Fig. 7 C illustrates completed photovoltaic module 80, and it comprises photovoltaic cell and metal supporting element 60.In replaceable embodiment, by changing the dopant that uses, heavy doping amorphous si-layer 72 can be used as emitter, and heavy doping amorphous si-layer 76 usefulness are accomplished the contact of base.Amorphous si-layer 72 can directly contact with the first and second surfaces of independent laminate respectively with 76.Incident light (being shown by arrow) drops on the TCO112, enters battery at heavy doping p-type amorphous si-layer 76, enters laminate 40 at first surface 10, and through laminate 40.Reflector 12 is used for some light is reflected back into battery.In this embodiment, receiver element 60 is as substrate.Receiver element 60 and laminate 40 and associated layers form photovoltaic module 80.A plurality of photovoltaic modulies 80 can form and append to supports substrate 90, or replacedly appends to support substrate (not shown).Each photovoltaic module 80 comprises photovoltaic cell.The electrical connection of generally connecting of the photovoltaic cell of module.
Base apparatus
With reference now to Fig. 8 A and 8B,, can comprise one or more pedestal disks such as previously described base assembly in Fig. 4 A and 4B.Base assembly 400 can be as being set in the bottom of pedestal chamber 800 shown in Fig. 8 B, and be configured as independent laminate being peeled off, anneals or separating the support felicity condition.In Fig. 8 A, the first dish 405 can be used for the first surface that body is executed in contact, and is peeling off, separates, annealing or its any Assemble Duration provides separable support for laminate.The first pedestal disk 405 can run through the laminate production technology to be used, or the separator disk that has for the special optimized separating property of step can use.For example, executing body can contact with the first pedestal disk in injection period, contacted with the second pedestal disk during peeling off and contacted with the 3rd pedestal disk between separation period.Optional upper surface (for example unshowned anchor clamps) can be used for contacting with the second surface of executing body relative with first surface.Base assembly 400 for lamellae provides physical support, and also provides the thermal characteristics of peeling off of helping utilize and the rules of annealing after peeling off.In some embodiments, the first pedestal disk 405 can be for example graphite of inert solid.In some embodiments of the present invention, execute body or laminate and touch discretely the permeable base assembly of vacuum.Porous material can be used for the first pedestal disk 405, thereby so that vacuum pressure can will execute body during peeling off or laminate supports to matrix.Porous material can comprise porous graphite, porous boron nitride, porous silicon, porous silicon carbide, laser drill silicon, laser drill carborundum, aluminium oxide, aluminium nitride, silicon nitride or its any combination.
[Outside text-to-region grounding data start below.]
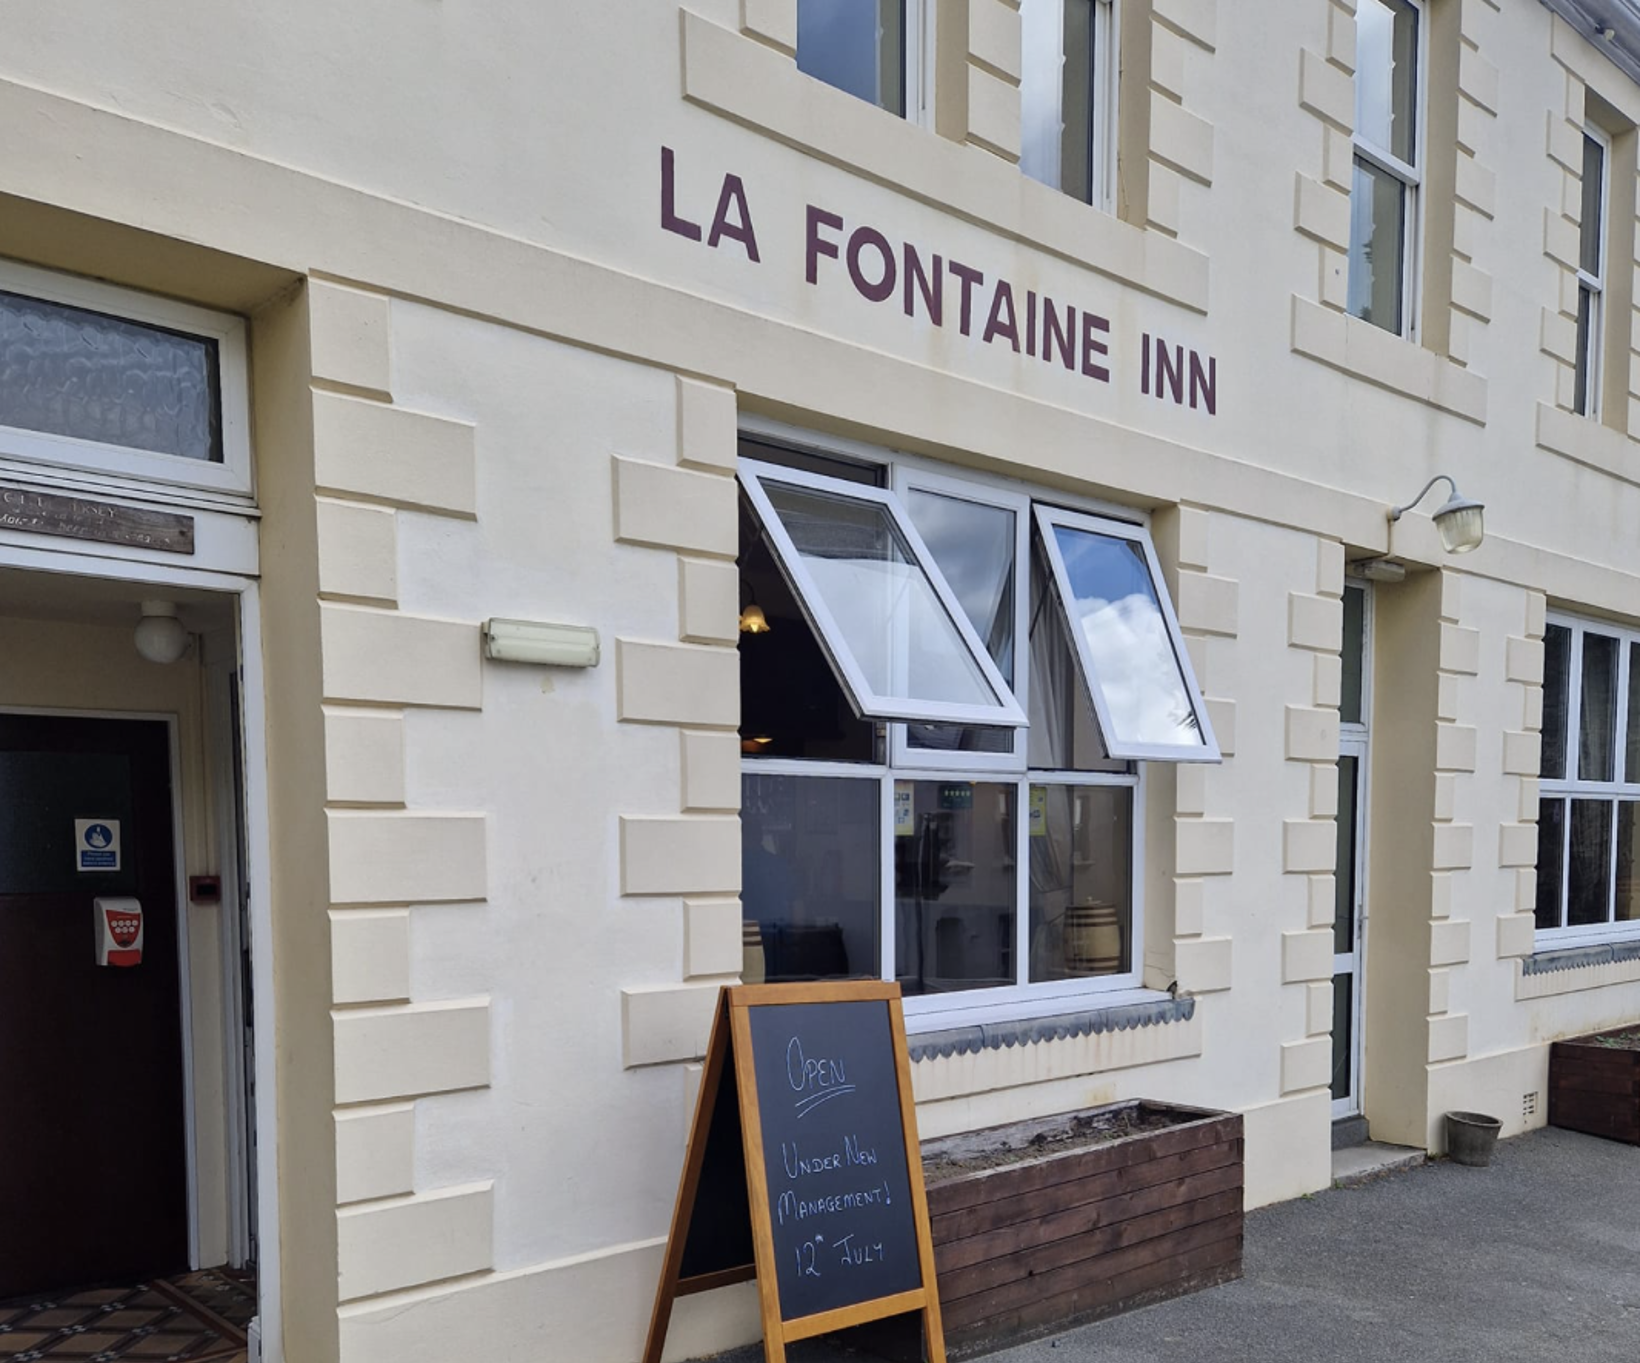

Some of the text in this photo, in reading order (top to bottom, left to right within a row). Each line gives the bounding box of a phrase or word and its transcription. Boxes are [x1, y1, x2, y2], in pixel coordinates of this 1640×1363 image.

[661, 146, 1216, 415] LA FONTAINE INN
[785, 1036, 846, 1092] OPEN
[781, 1134, 878, 1179] UNDER NEW
[777, 1181, 892, 1226] MANAGEMENT!
[832, 1233, 885, 1266] JULY
Vacuum can realize by applying negative gauge pressure in the environment (for example air or nitrogen) around, or be realized by direct vacuum pressure through a succession of vacuum passage 410.Helping the selection of the porous pedestal disk material of technological process is important to exfoliation process.Help the material character of exfoliation process to comprise: low confficient of static friction (have and be worth for example CSF of 0.1-0.5), soft (on Mohs' hardness<10), less than approximately 15 microns average pore diameter, ability that machine flattens (namely, can use conventional mechanical technology/material at these pedestals), low roughness (<1 μ m roughness), Pingdu (on the main body<10 μ m waviness), prevent the sufficient conductivity that electrostatic charge occurs between laminate and pedestal, etc.The first pedestal disk 405 can have the CTE substantially the same with the thermal coefficient of expansion of executing body (CTE) in one embodiment.Pedestal disk can have the thermal capacity identical or lower with executing the body heat capacity in other embodiments.Executing in some embodiments body is monocrystalline silicon, and the thermal capacity of pedestal approximately identical with silicon (approximately 19.8J/mol-° of K).
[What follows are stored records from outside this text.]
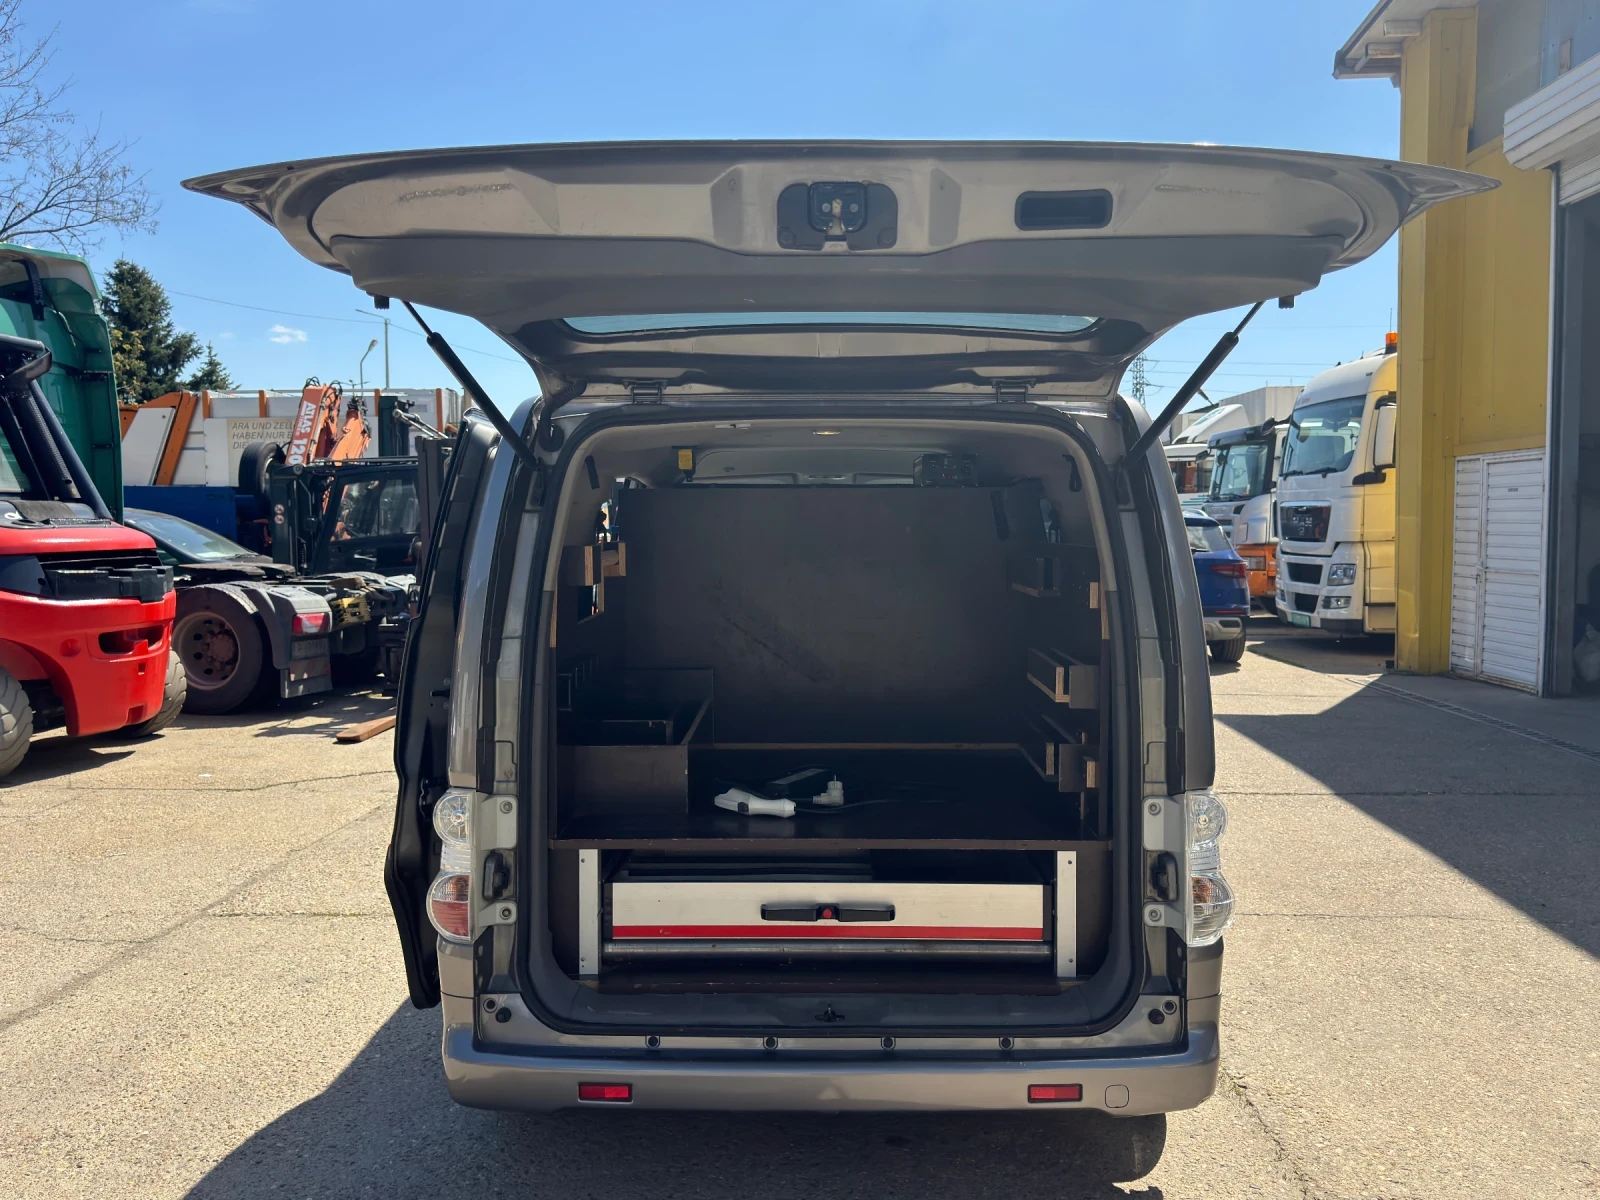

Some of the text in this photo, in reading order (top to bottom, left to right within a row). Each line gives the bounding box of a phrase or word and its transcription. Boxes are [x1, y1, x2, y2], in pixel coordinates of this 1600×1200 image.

[231, 422, 249, 430] ARA
[252, 422, 271, 430] UND
[301, 401, 317, 434] ATLAS
[232, 431, 263, 440] HABEN
[265, 431, 286, 440] NUR
[288, 438, 308, 465] 120
Because these constraints, thereby many engineering ceramicss and other materials can be selected to provide these characteristics for the first pedestal disk 405.In one embodiment, because Ringsdorff
TMGraphite grade R6340 has the similar CTE with silicon CTE, so it can use.For preventing being applied to body or laminate with the during Heat Treatment cross force of peeling off or annealing related, this is important.Since CTE not with the similar graphite of silicon CTE, these temperature changes can cause the wrinkling of laminate or tear.Because the graphite of CTE coupling, laminate can be under remaining on light reservation vacuum or keeping without vacuum during these temperature changes.Body etching (bulk etch) thus can be applied to graphite improves purity.The common aspect etch process is made of 24 hours high-temperature bakings in the vacuum chamber of introducing chloride gas.
In other embodiments of exfoliation process, apply rapid high temperature thermal profile.Wish that in these embodiments tolerance is at the toxic emission of the temperature up to 800 or 900 or 1000 ℃ or the pedestal disk of decomposition.Base material can have the characteristic that prevents from executing the body pollution thing, for example can stand the temperature of technique and atmospheric exposure and does not experience material breakdown.Material can tolerate decomposition inherently, or is used in the material that high temperature serves as the barrier of executing body pollution and applies.For example, rigidity, durable and have the porous silicon carbide of good CTE coupling can be with soft and have low CSF and a coating of highly purified boron nitride.In other embodiments, can utilize porous/laser drill material optimization.The laser drill material allows differentiation between essential (low CSF, softness, the high-purity etc.) of essential (but porosity, CTE, Pingdu/degree of finish) of the volume of anchor clamps and surfacing.For example, provide the interfacial material with hope character of listing to apply at the materials in storage with the character of wishing for matrix in the above.In other embodiments, meeting metal oxide, carbide, nitride, pottery and the high temperature alloy of before mentioning specification is the candidate who uses.The quality of the laminate that the useful improvement of the characteristic of the base material of describing is in the above produced comprises laminate engineering properties, the uniformity and purity.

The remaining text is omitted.